• Martina Reinhart: Mind & Body

    Date posted: June 7, 2012 Author: jolanta

    By Jill Smith

    Martina Reinhart’s work has focused on continually denaturalizing the human body. Her work has followed a steady progression from conceptualizing the stages of human life in man, woman, and child – to creating a series of chimeras – figures who are partly human and partly anthropomorphized, their body parts completely re-organized. Reinhart has taken this exploration even farther in her series, “Dream-Creatures,” rendering composite figures made up of both natural elements and aspects traditionally considered artificial.

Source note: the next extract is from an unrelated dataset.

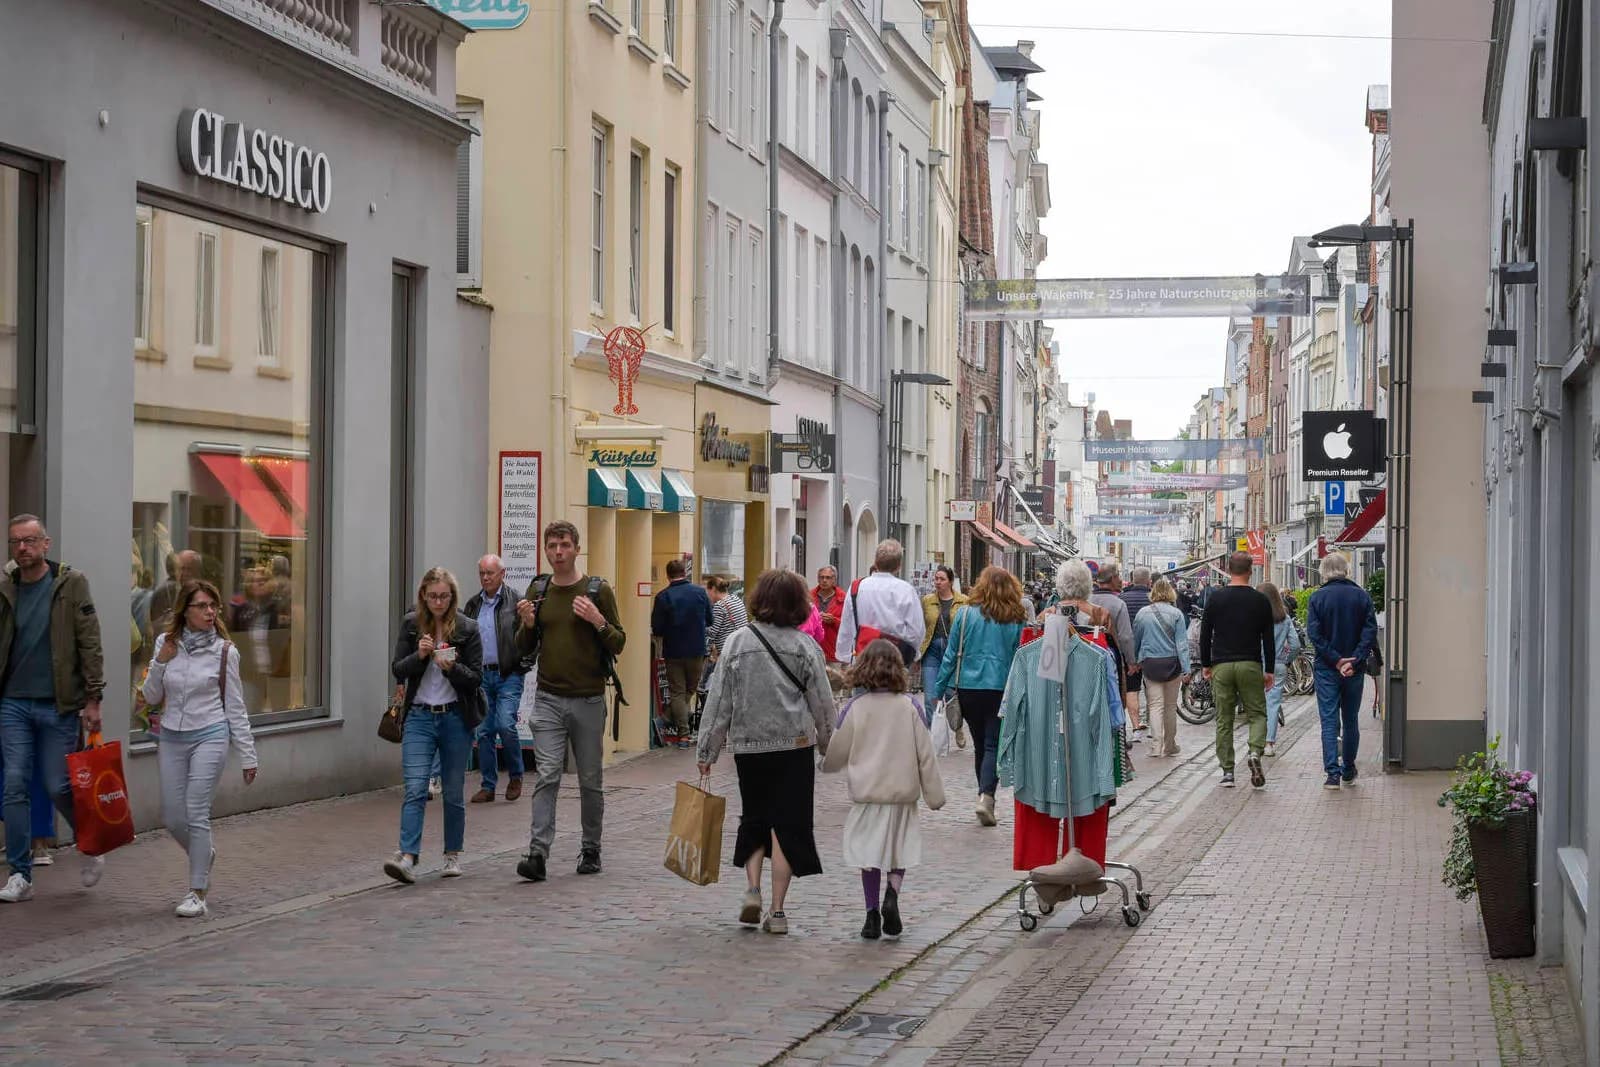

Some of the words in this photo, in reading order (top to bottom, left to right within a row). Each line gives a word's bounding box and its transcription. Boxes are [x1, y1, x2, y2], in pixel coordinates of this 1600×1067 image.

By elegantly combining these aspects of materialism, naturalism, and fantasy, Reinhart pushes against commonly-held understandings of what it is to be embodied.
    The use of composite figures in visual art, particularly ones that incorporate anthropomorphized or fantastical elements, pre-dates Greco-Roman society and continues to be reinterpreted as a way of understanding the disparate aspects of human consciousness. The figure of the chimera itself has reoccurred and reinvented itself in art throughout centuries, firstly as a simple decorative figure with the body of a lion, the tail of a serpent, and a goat’s head springing from its back. It was reinterpreted in the Middle Ages as a representation of the dubious, shape-shifting, untrustworthy nature of Woman. During the Renaissance, a rediscovery of composite figures like the Sphinx and the Chimera occurred, and were occasionally represented in highly stylized, romantic forms; the brutality and violence of the monsters found no place in Renaissance conventions.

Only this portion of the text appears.